Problem description:

If i boot the System, the framebuffer/whatever doesn't sync the screen. 

it is plain black or there is the defaultz "linux is loading" message from grub. i can connect to my system via ssh or login by keyboard. using the "i915.modeset=0" or "nofb" boot option doesn't change the behaviour.

you can find the dmesg here

thank you for your answer  :Smile: Last edited by jwacalex on Thu Oct 23, 2014 2:15 pm; edited 1 time in total

----------

## charles17

Not sure, but that problem sounds similar to mine https://forums.gentoo.org/viewtopic-t-1000108-highlight-.html which seems to be specific for the 3.14 kernel. 

Have you tested with 3.12 or 3.16 / 3.17?

----------

## Roman_Gruber

Well i recommend you use the latest gentoo-sources in the tree, the unstable ones, with latest nvidia-drivers.

if it is some mixture of internal and external graphic board you may check the gentoo wiki about it, there hsould be an explanation on how to set it up.

----------

## jwacalex

thanks for your answers. i've updated to 3.17.1-gentoo-r1 but the problem exists.

----------

## NeddySeagoon

jwacalex,

```
CONFIG_DRM_I915=y

CONFIG_DRM_I915_KMS=y

CONFIG_DRM_I915_FBDEV=y
```

is correct for the Intel on board framebuffer.

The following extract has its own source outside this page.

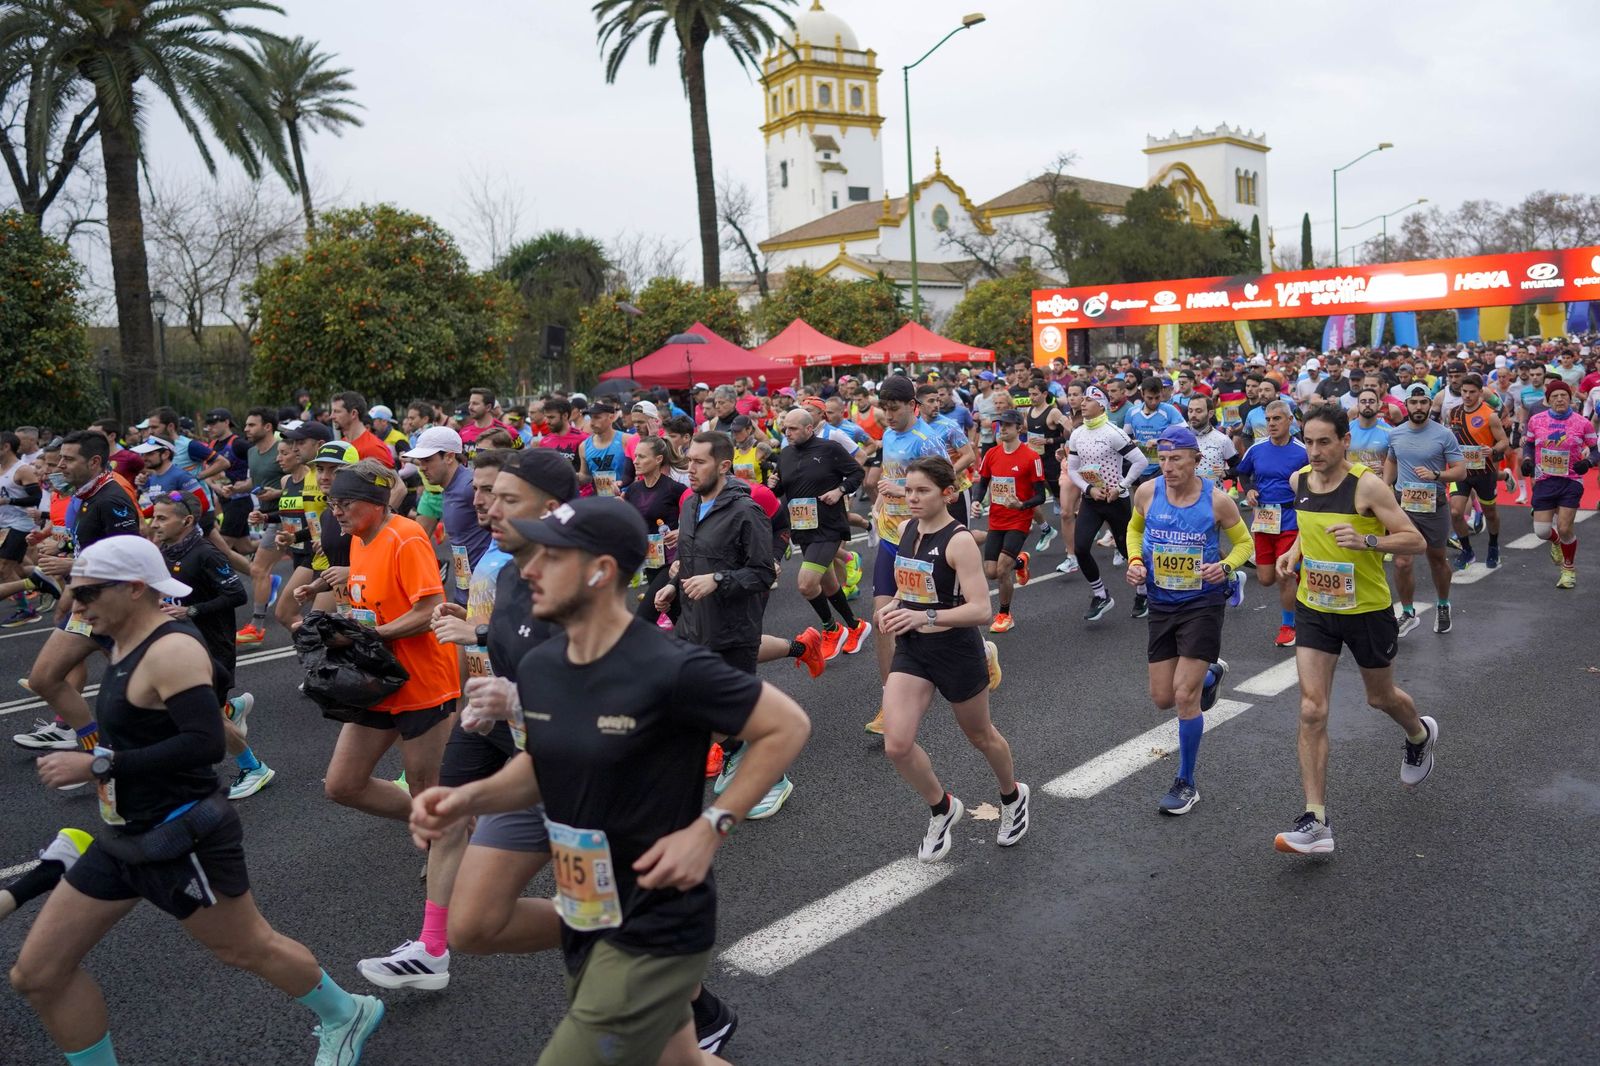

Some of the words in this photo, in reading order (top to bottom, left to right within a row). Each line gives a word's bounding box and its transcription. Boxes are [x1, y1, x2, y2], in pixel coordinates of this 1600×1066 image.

It will do nothiny for the nVidia cards.

You also have  

```
CONFIG_VGA_CONSOLE=y
```

which will provide a VGA console (not framebuffer) console on any of your graphics cards.

However, the kernel prefers a framebuffer over VGA, so with the kernel settings above, you mill only get console output from your built in Intel graphics.

For testing,  its good to have # CONFIG_LOGO is not set on and to choose a colour logo.

The logo will only be drawn in a framebuffer.

As you can ssh in, you dmesg output woruld be useful.

----------

## jwacalex

Hi,

thanks for your answer. dmesg is uploaded. 

i'll deactivate the intelframebuffer in kernel, but the problem still exists

----------

## NeddySeagoon

jwacalex,

```
[    0.361540] Console: switching to colour frame buffer device 128x48

[    0.362428] i915 0000:00:02.0: fb0: inteldrmfb frame buffer device
```

That shows that the Intel Framebuffer is being used.  If there is no display connected there, you won't see anything on the console.

Which Xorg driver you you want to use?

----------

## jwacalex

hi,

here is the new dmesg without the intelfb but on the stable kernel. the problem still exists.

*update* i've conencted the screen to the intel card, but there is also no console

i'm planing to use the x11-drivers/nvidia-drivers.

----------

## NeddySeagoon

jwacalex,

It looks like the kernel starts off correctly, with the console on tty0.

```
[    0.000000] Console: colour dummy device 80x25

[    0.000000] console [tty0] enabled
```

then 300ms later, switches to the console over the network.

```
[    0.326573] console [netcon0] enabled

[    0.326574] netconsole: network logging started
```

Thats only useful if its set up any you have something listening for the console too.

Turn off

```
CONFIG_NETCONSOLE=y
```

with make.conf and rebuild your kernel.

You may be able to use vesafb with nvidia-drivers, for a framebuffer on one of the nVida cards but nvidia-drivers will tell you not to and the intel framebuffer wor't work then either.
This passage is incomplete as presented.